Get Busy Living - Page 7

Photo by David Clifford

#7 Declare Your Mission

Perhaps it's a morbid thought, but don't we all wonder how we will be remembered? When we retire to the great singletrack in the sky, where the temps are cool and there's a fully stocked aid station every mile, what will our loved ones say about us?

Stop wondering and act on one of those ideas you've undoubtedly hatched on a trail run.

Nancy Hobbs will be remembered. That is for certain. Few people have done more to advance the legitimacy of trail running than Hobbs, who lives in Colorado Springs, Colorado. For over a decade, Hobbs has devoted herself to building a bridge between mountain, ultra and trail running (cleverly called "MUT") and running's main governing body, USA Track & Field. Today, as Chairperson of MUT, Hobbs helps to oversee championships, coordinate national teams and generally ensure the sport's healthy growth.
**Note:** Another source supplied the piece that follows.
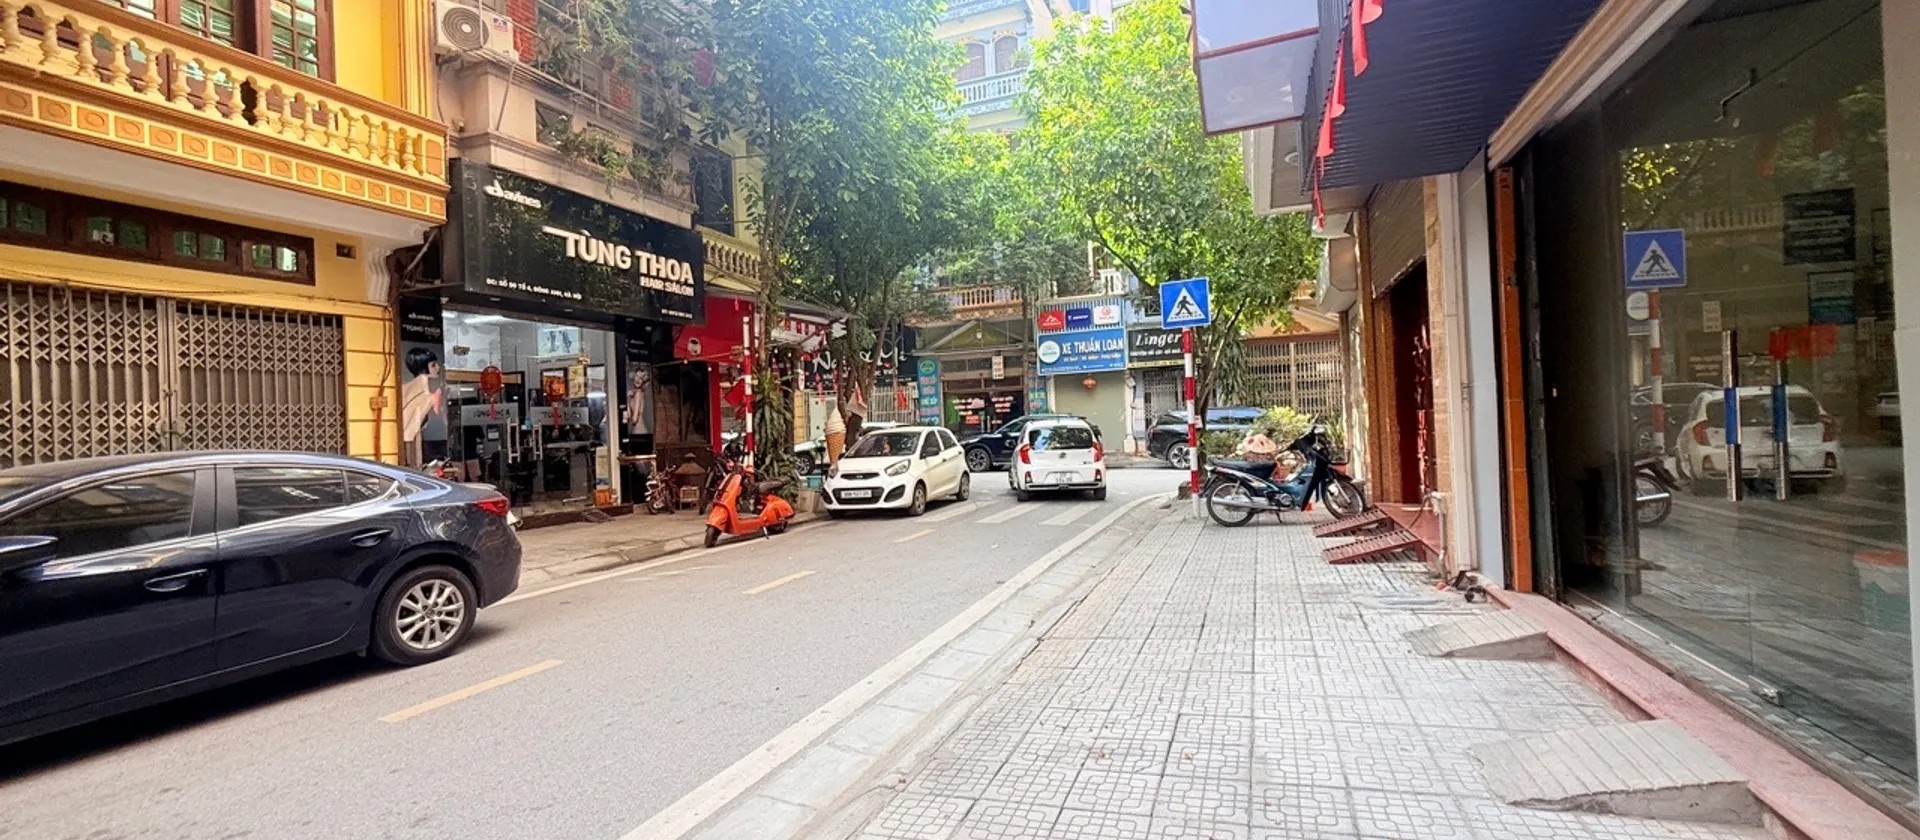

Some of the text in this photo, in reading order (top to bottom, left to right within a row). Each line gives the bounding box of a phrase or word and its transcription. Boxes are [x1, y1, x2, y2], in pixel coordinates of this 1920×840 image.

[541, 225, 695, 285] TÙNG THOA
[639, 276, 664, 291] HAIR
[1062, 342, 1072, 354] XE
[1102, 338, 1124, 352] LOAN
In a less visible way, Roch Horton of Salt Lake City, has been reflecting on his own legacy. On a run through the streets of San Diego in fall 2008, Horton happened upon a mosh pit of second graders enjoying recess at an inner city playground. He smiled at a group of them, off to the side, running back and forth, seemingly just for the hell of it.

"Then I realized, how many of these kids will ever actually toe the line at a local 5K, the Berlin Marathon or the Leadville Trail 100," he explains. "How many Kimballs, Meltzers, Mackeys are hidden away in those little legs, that soon decay behind a cloak of trans-fats, high-fructose corn syrup, DVDs, underfunded schools, deadbeat dads, gang life, crime or a sedentary lifestyle?"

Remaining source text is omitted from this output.